Aim of the task:
Repeat the lines of the data exactly and exclude any picture among them.

START Materials provided

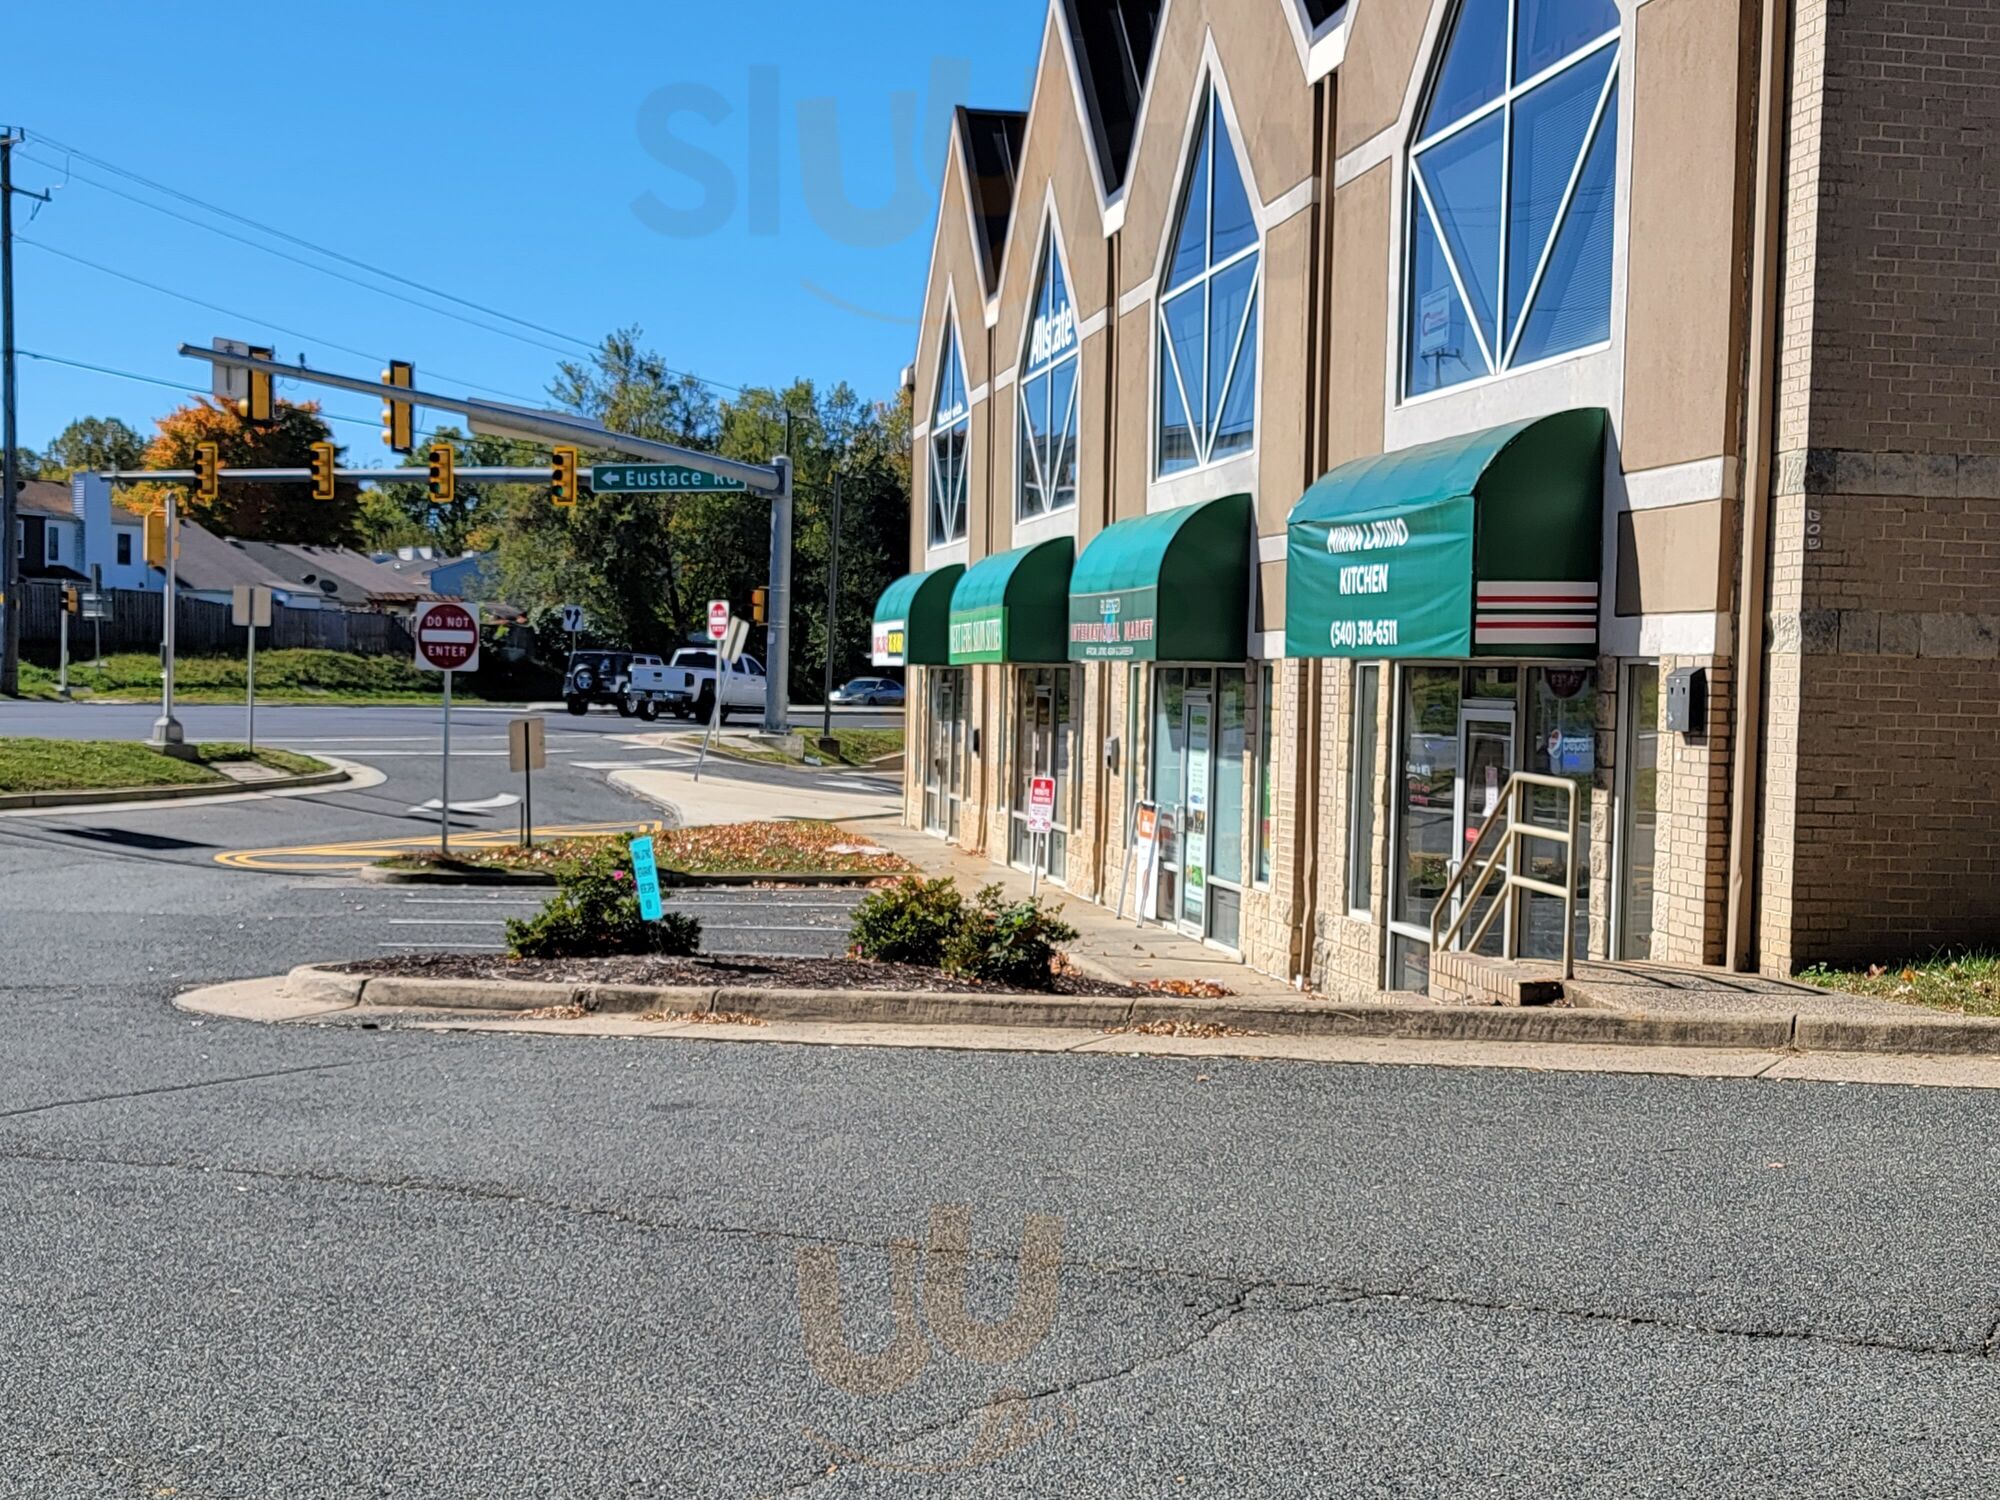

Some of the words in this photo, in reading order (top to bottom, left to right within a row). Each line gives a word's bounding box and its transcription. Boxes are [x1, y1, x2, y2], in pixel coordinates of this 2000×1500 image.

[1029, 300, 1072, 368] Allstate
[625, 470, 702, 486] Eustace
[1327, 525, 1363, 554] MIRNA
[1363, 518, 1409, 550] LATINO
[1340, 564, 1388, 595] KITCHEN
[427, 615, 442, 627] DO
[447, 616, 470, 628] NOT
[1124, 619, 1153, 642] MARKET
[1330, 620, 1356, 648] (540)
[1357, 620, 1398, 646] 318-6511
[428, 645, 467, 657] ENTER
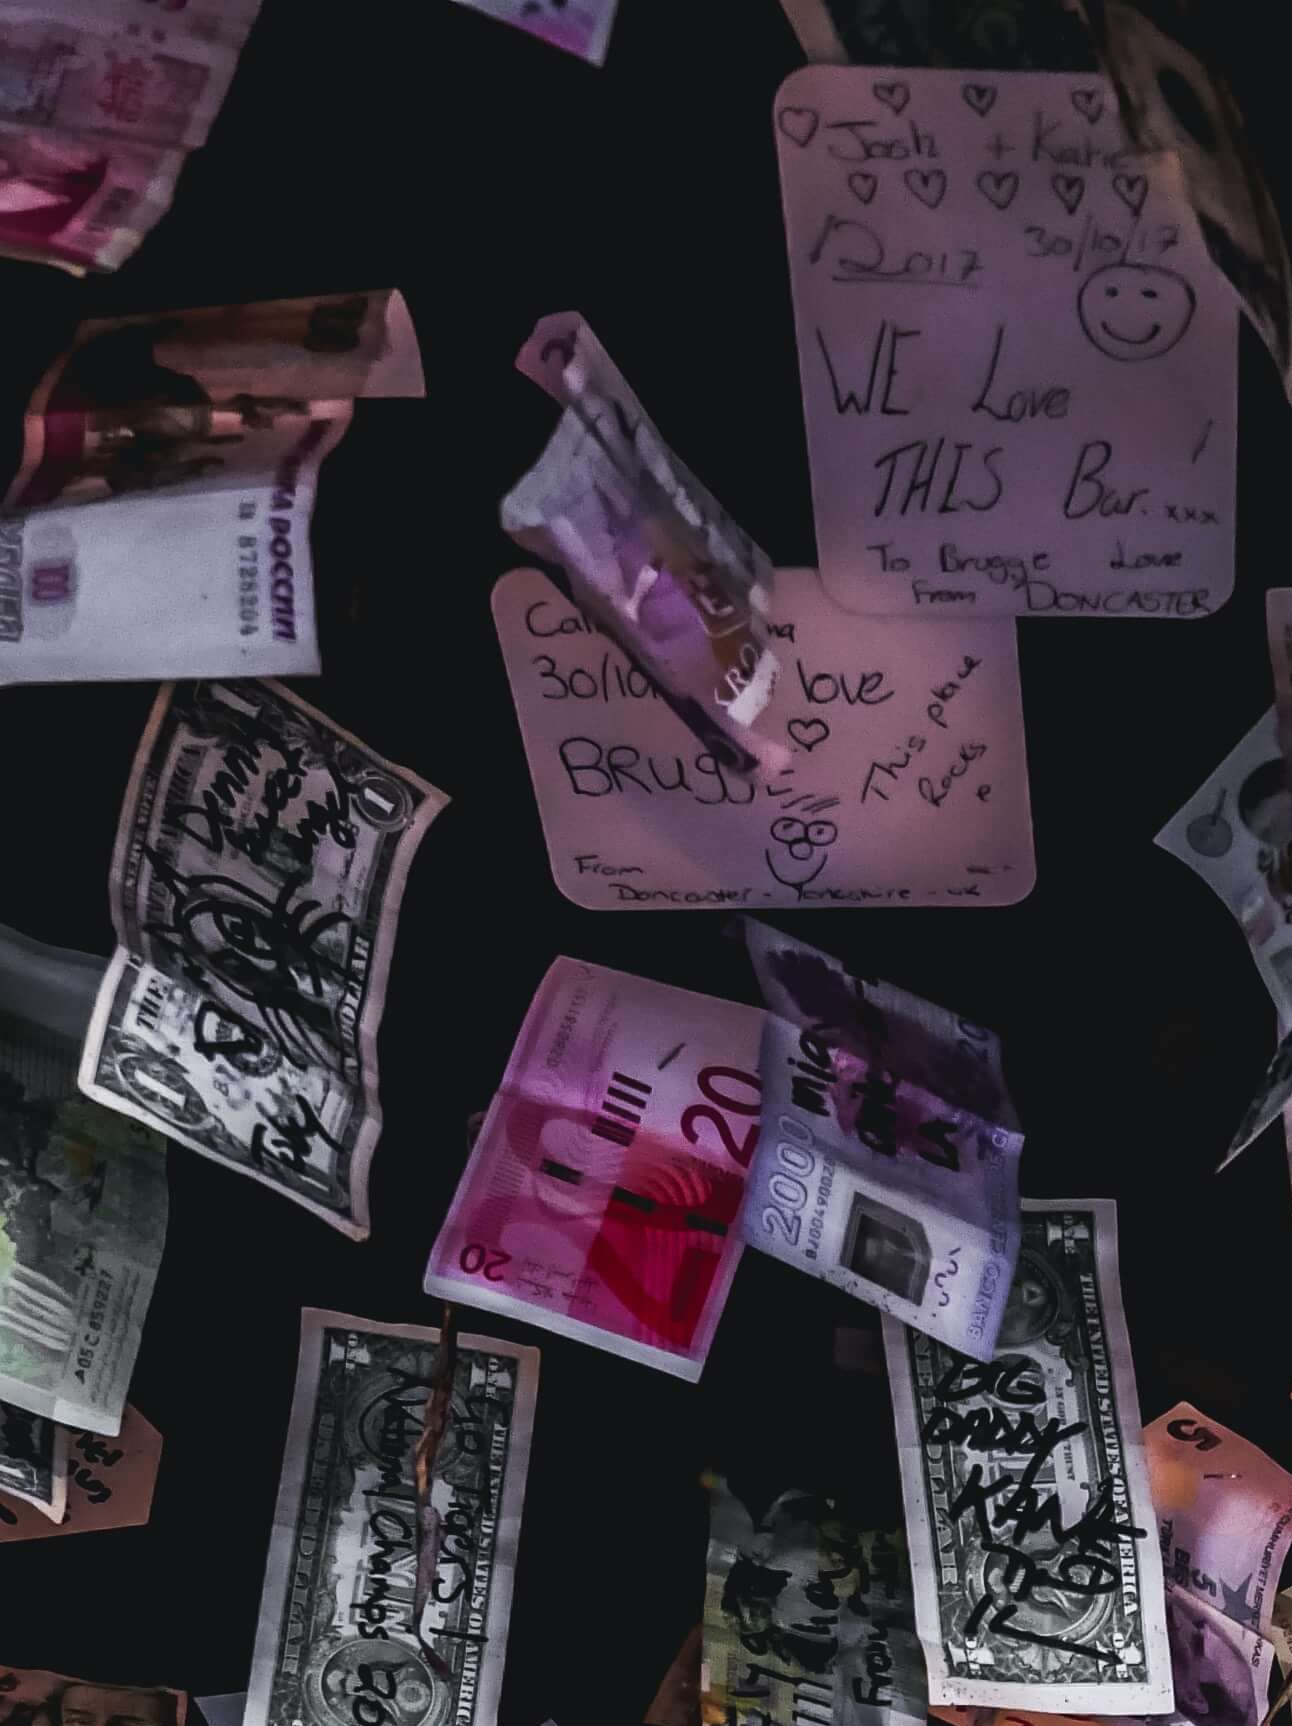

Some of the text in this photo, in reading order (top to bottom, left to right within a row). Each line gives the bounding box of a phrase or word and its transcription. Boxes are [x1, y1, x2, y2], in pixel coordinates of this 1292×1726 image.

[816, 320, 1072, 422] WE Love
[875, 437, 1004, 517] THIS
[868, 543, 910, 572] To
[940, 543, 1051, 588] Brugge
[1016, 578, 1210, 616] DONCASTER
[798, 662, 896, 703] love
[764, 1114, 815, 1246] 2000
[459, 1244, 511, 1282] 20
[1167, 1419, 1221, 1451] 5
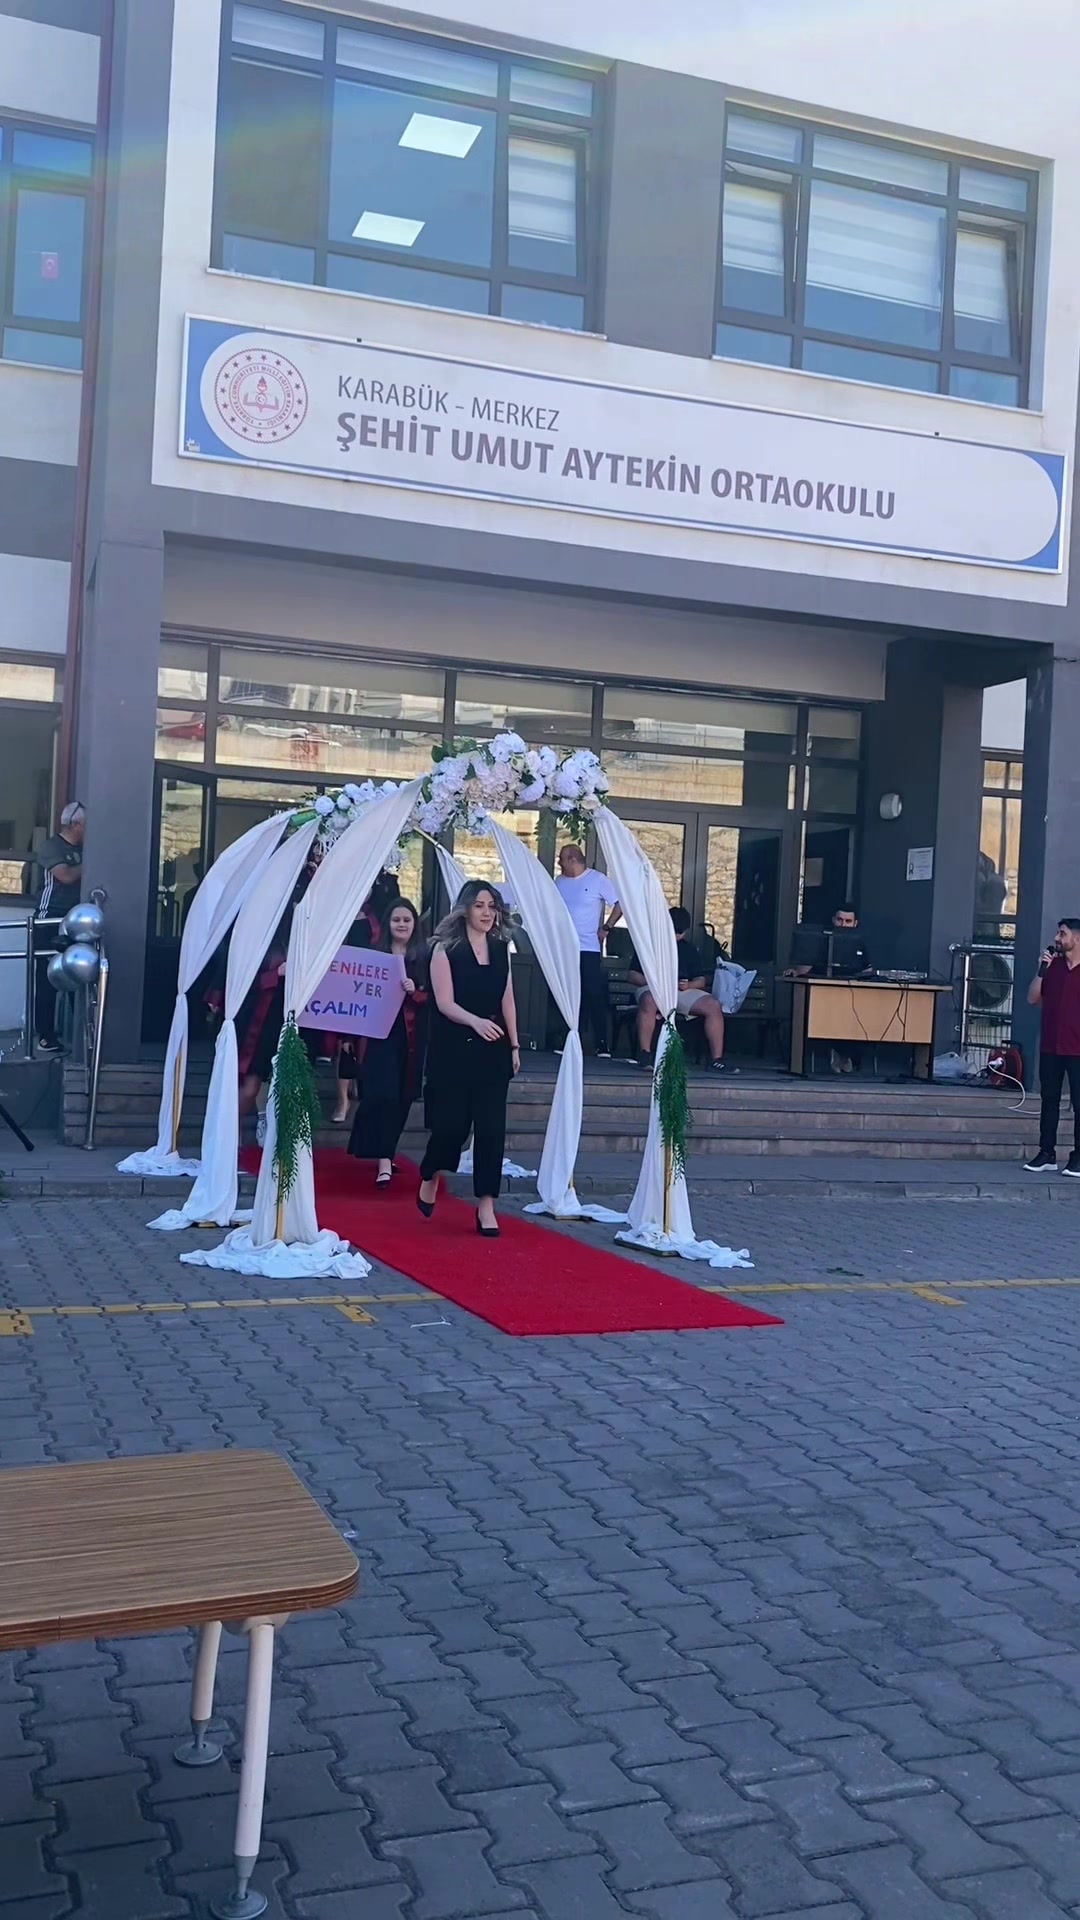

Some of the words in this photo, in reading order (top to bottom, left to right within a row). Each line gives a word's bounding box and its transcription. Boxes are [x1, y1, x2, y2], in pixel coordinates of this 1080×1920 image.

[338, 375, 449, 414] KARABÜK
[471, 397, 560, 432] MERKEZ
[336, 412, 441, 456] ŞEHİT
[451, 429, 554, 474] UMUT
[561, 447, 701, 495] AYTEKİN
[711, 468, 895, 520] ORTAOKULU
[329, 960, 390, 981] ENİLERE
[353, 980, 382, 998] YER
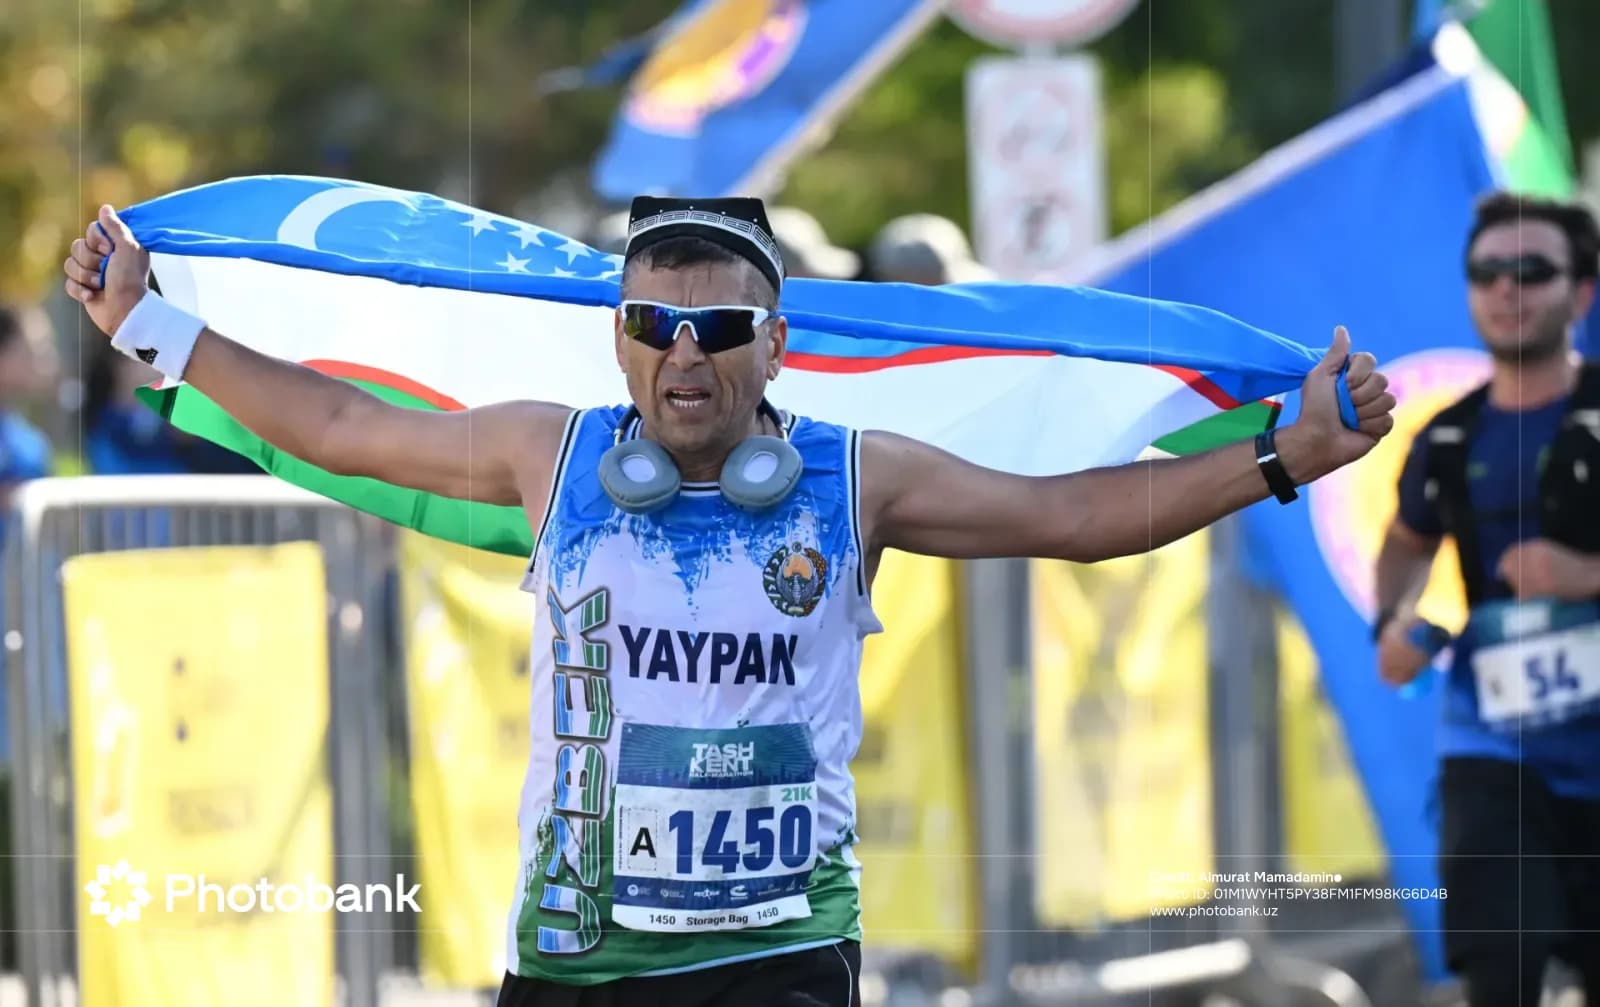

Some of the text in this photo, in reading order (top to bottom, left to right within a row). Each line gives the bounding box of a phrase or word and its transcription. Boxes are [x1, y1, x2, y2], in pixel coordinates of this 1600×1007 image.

END Materials provided

Answer:
Some of the words in this photo, in reading order (top to bottom, left to right within a row). Each line gives a word's bounding box and its transcription. Boxes are [x1, y1, x2, y2], in pixel coordinates of this 2000×1500 image.

[1029, 300, 1072, 368] Allstate
[625, 470, 702, 486] Eustace
[1327, 525, 1363, 554] MIRNA
[1363, 518, 1409, 550] LATINO
[1340, 564, 1388, 595] KITCHEN
[427, 615, 442, 627] DO
[447, 616, 470, 628] NOT
[1124, 619, 1153, 642] MARKET
[1330, 620, 1356, 648] (540)
[1357, 620, 1398, 646] 318-6511
[428, 645, 467, 657] ENTER

Some of the text in this photo, in reading order (top to bottom, left to right within a row). Each line gives the bounding box of a phrase or word and its transcription. Boxes are [x1, y1, x2, y2], in pixel coordinates of this 1292×1726 image.

[816, 320, 1072, 422] WE Love
[875, 437, 1004, 517] THIS
[868, 543, 910, 572] To
[940, 543, 1051, 588] Brugge
[1016, 578, 1210, 616] DONCASTER
[798, 662, 896, 703] love
[764, 1114, 815, 1246] 2000
[459, 1244, 511, 1282] 20
[1167, 1419, 1221, 1451] 5

Some of the words in this photo, in reading order (top to bottom, left to right within a row). Each line gives a word's bounding box and its transcription. Boxes are [x1, y1, x2, y2], in pixel coordinates of this 1080×1920 image.

[338, 375, 449, 414] KARABÜK
[471, 397, 560, 432] MERKEZ
[336, 412, 441, 456] ŞEHİT
[451, 429, 554, 474] UMUT
[561, 447, 701, 495] AYTEKİN
[711, 468, 895, 520] ORTAOKULU
[329, 960, 390, 981] ENİLERE
[353, 980, 382, 998] YER

Some of the text in this photo, in reading order (top to bottom, left to right within a row). Each line gives the bounding box of a phrase or word and its transcription. Boxes are [x1, y1, x2, y2], in pixel coordinates of this 1600×1007 image.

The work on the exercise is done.